LARP1 associates with and regulates 5′TOP mRNA translation. (A) Ribosome profiling of HEK293 cells stably expressing a nontarget shRNA (shNT) or shRNAs against LARP1 (shLARP1.1 and shLARP1.2). A decrease in polysome assembly with a concomitant increase in 80S monosomes (polysome/subpolysome ratios of 0.37 and 0.38) was found in LARP1-depleted cells. (Bottom right panels) Immunoblot analysis reveals a modest effect on 4E-BP phosphorylation and S6 ribosomal protein expression.
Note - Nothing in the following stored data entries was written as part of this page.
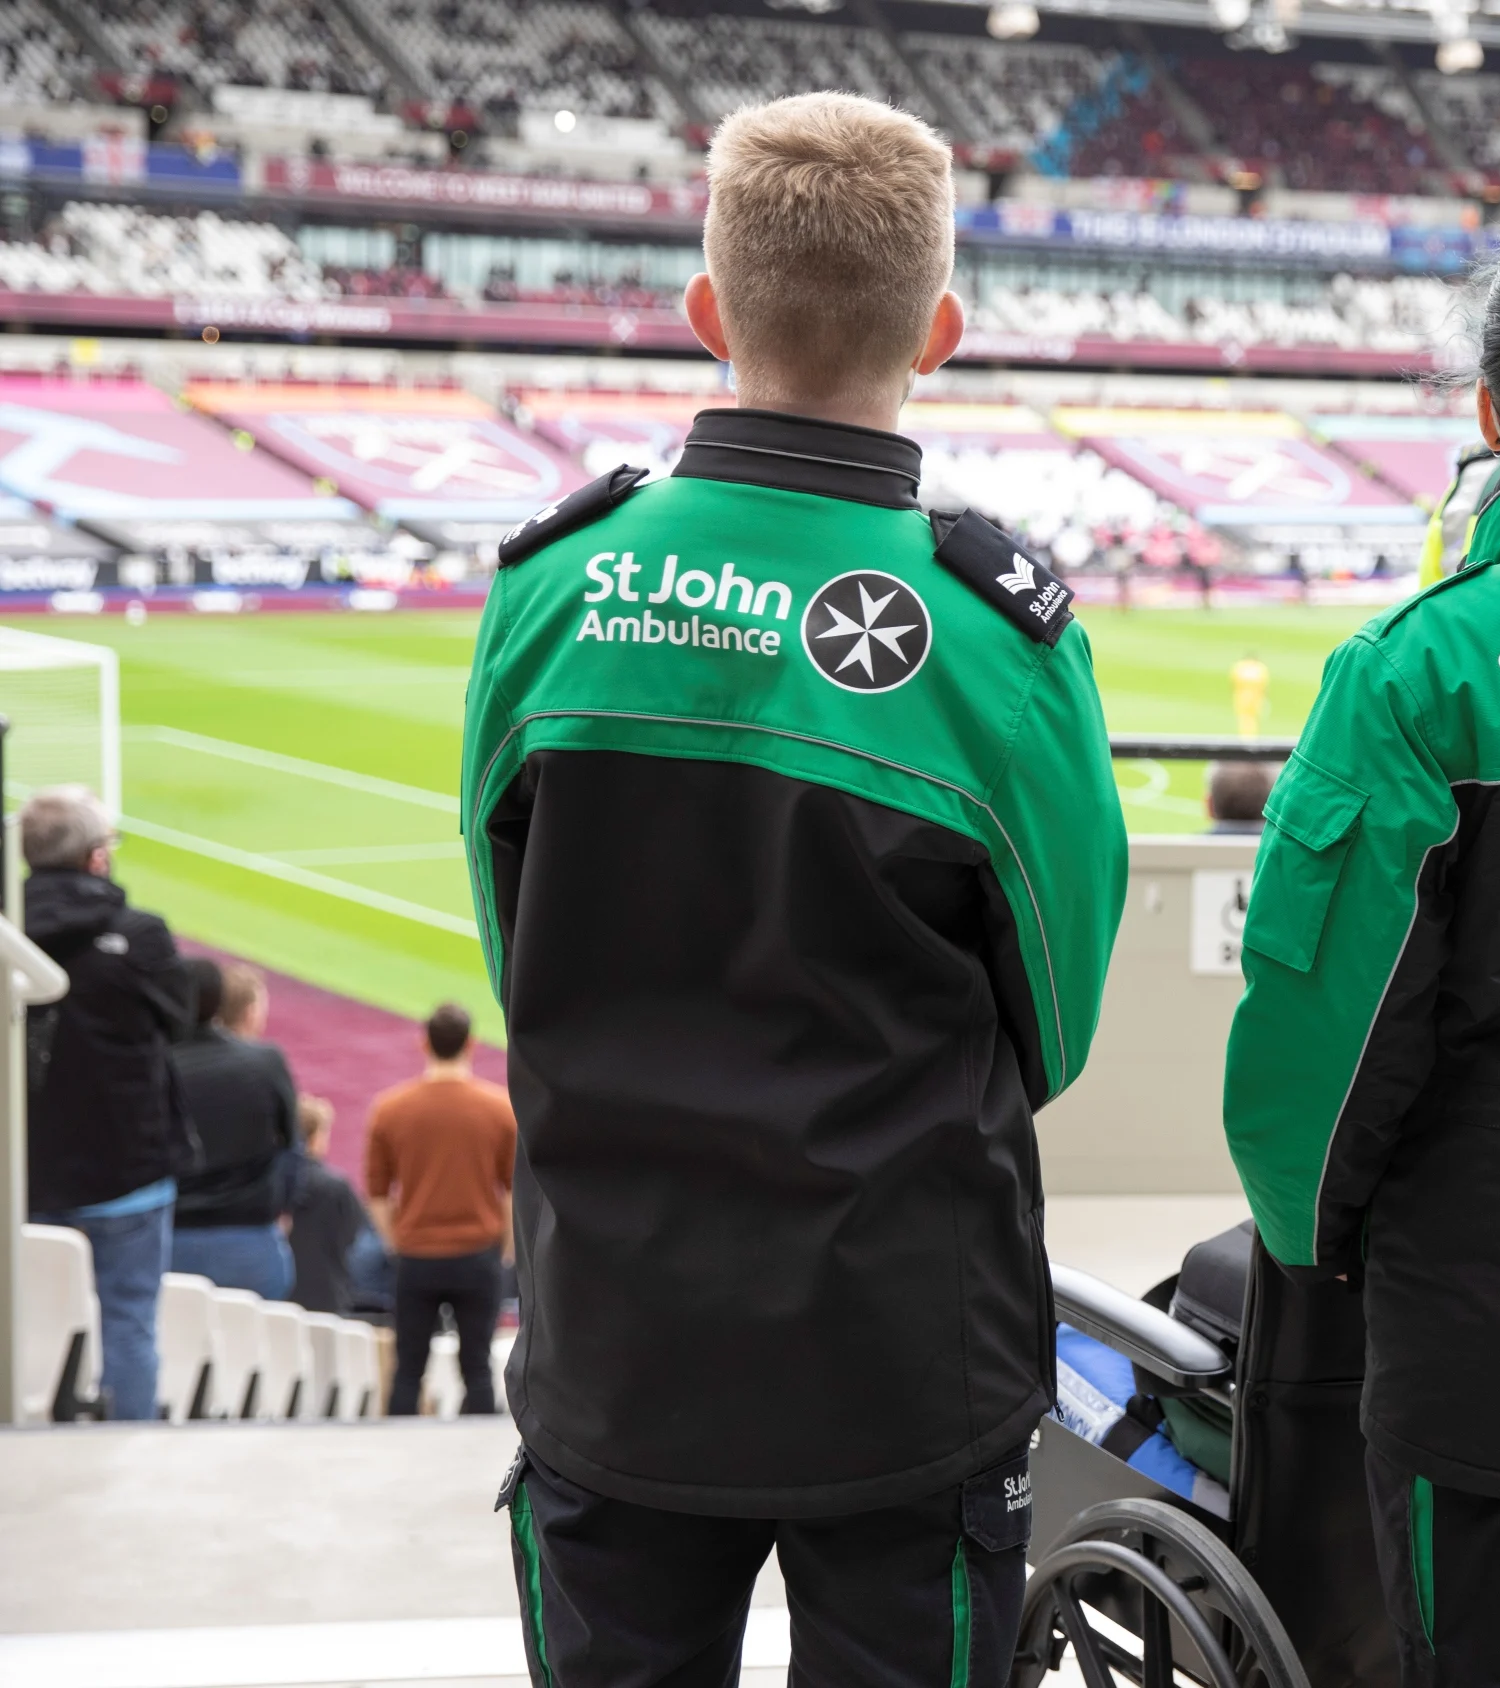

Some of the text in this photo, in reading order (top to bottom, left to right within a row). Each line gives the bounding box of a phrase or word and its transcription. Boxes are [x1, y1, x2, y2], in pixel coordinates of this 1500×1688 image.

[584, 552, 793, 621] St John
[1029, 581, 1061, 617] St John
[1040, 589, 1068, 624] Ambulance
[576, 610, 782, 656] Ambulance
[1003, 1476, 1018, 1498] St
The bottom histogram shows ribosome mRNA profiling of LARP1-depleted cells (shL1.1 and shL1.2) with a significant reduction (∼50%) for 5′TOP mRNAs (average of 10 TOP mRNAs; bottom right panel; see the Materials and Methods) with no significant effects on control mRNAs (average of 10 NON-TOP mRNAs; bottom left panel; also see the Materials and Methods) when compared with a nontarget shRNA (shNT). (B) Treatment of cells with mTOR inhibitors (PI-103 and Ku-0063794 for 1 h) had a similar but stronger effect on polysome disassembly and 4E-BP phosphorylation. The bottom histogram shows ribosome mRNA profiling of cells treated with mTOR inhibitors with a significant reduction (∼90%) for 5′TOP mRNAs (average of 10 TOP mRNAs; bottom right panel; see the Materials and Methods) with no significant effects on control mRNAs (average of 10 NON-TOP mRNAs; bottom left panel; see the Materials and Methods) when compared with untreated cells (DMSO). Absorbance of polysomes and subpolysomal particles was continuously monitored at 260 nm. Representative A₂₆₀-nm traces are shown (n = 3). The areas under the curves were calculated, and the polysome/subpolysome ratio in the histograms refers to the percentage of ribosomes engaged in translation. The data are normalized to polysome/subpolysome ratio of control condition (DMSO) and presented as a mean ± SE (n = 3). (***) P < 0.0001 using two-way ANOVAs. (C) Diagram of the experimental work flow for the RNA immunoprecipitation (RIP). (D) RIP of endogenous LARP1 (left panel) and exogenous LARP1 (right panel) showing enrichment of TOP mRNAs (average of five TOP mRNAs; bottom right panel; also see the Materials and Methods) versus non-TOP (average of 10 non-TOP mRNAs; bottom left panel; also see the Materials and Methods) compared with control IgG or empty vector. (E) Immunoblot analysis showing a significant decrease in the expression of protein encoded by 5′TOP mRNAs in HEK293 cells stably expressing an shRNA construct targeted against LARP1 (shL1.3).

Figure 7.

Schematic representation of the role of LARP1 in mRNA translation. Proposed model in which mTORC1 mediates cell growth and proliferation by promoting 5′TOP mRNA translation through known mechanisms involving inhibition of the 4E-BPs but also by facilitating the recruitment of 5′TOP mRNAs via their interaction with LARP1.